In this fast-paced, hyper-connected age, it’s all too easy to forget about all the social media, language-learning, job-finding apps and sites that we’ve signed up for. But every account you leave behind gathering dust is another that could potentially be hacked into.

It’s important to take the time to shut down these accounts, instead of just uninstalling the associated app and then forgetting all about them. If any of them should then suffer a data breach – for example – your data won’t be included.

It’s also worth running a regular audit on the third-party apps and services linked to your main accounts. These give hackers more targets to aim at, which is why you should regular disconnect and delete the ones you aren’t actively using.

Untrusted browser extensions

The right browser extensions can add useful functionality and features to your daily window on the web, but these add-ons need to be vetted like any other piece of software. It’s worth remembering that they have the privilege of being able to see everything you’re doing online, if they want to.
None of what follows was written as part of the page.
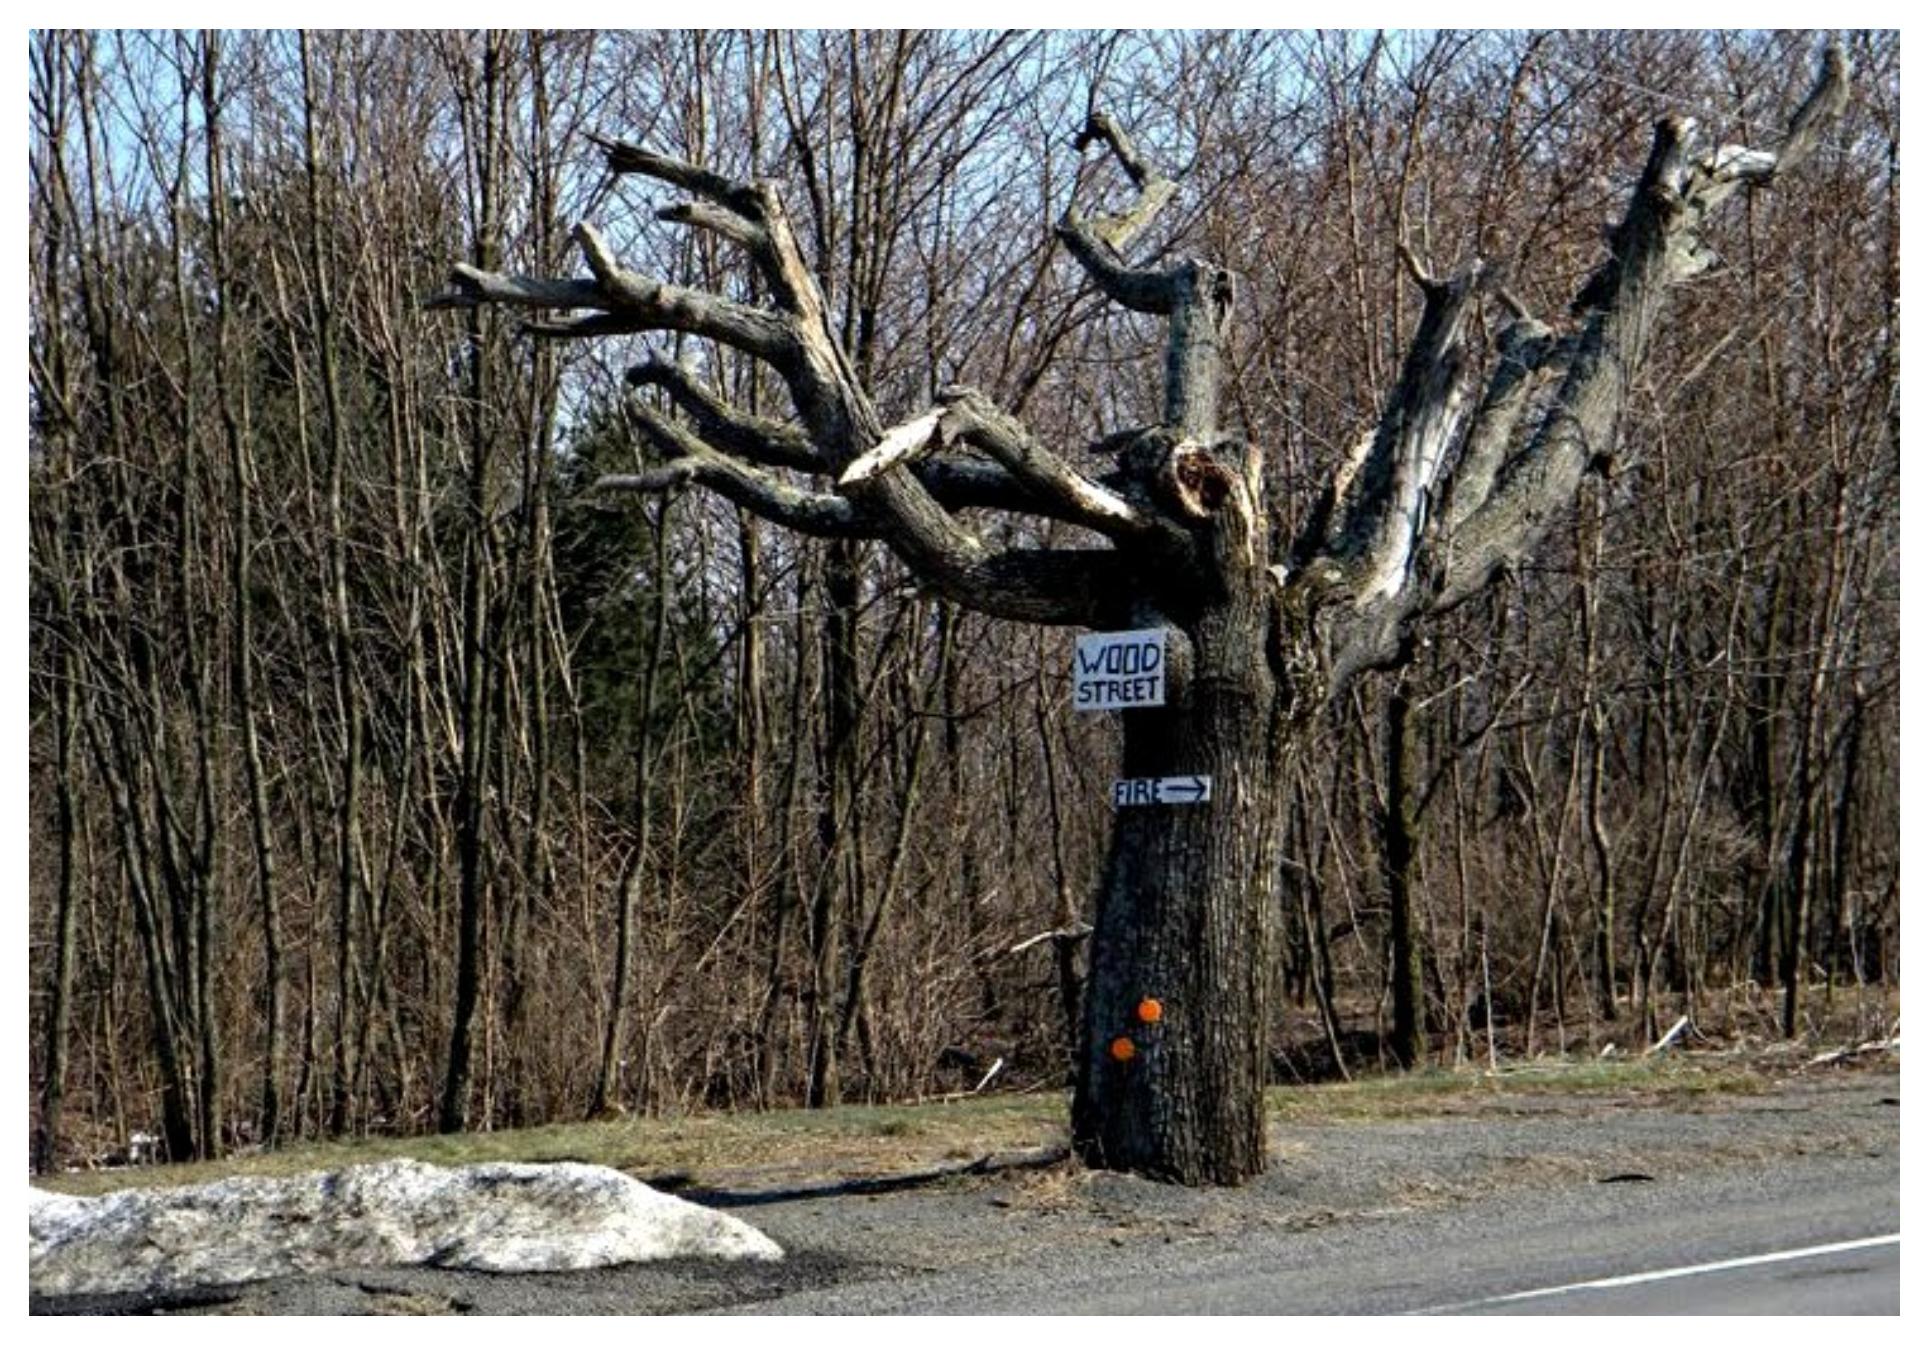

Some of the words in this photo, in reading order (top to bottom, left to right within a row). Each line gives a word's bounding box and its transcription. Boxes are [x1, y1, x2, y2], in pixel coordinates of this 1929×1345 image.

Pick the wrong browser extension and you could find it selling your browsing data, or harassing you with pop-up advertising, or installing extra software that you don’t actually want. We’d recommend keeping the number of browser extensions you have installed down to a minimum, and sticking only with the extensions you know and trust.

Identify safe extensions the same way you would identify safe apps: Look into the background of the developers, check the permissions that they ask for, read up on reviews left by other users, and stick to extensions that are actually useful.

Online quizzes reveal more than you think

Online quizzes may be fun but they can be far from harmless. They can be used to harvest personal data that you don’t really realise you’re giving away.

These quizzes can and have been used to build up more detailed profiles of people and their friends, collecting not just the answers to the quizzes themselves but also other information stored in the linked Facebook accounts. Note, too, how often these fun quizzes ask for personal data, like the first road you lived on or the name of your pets, which could be used to impersonate you in some way.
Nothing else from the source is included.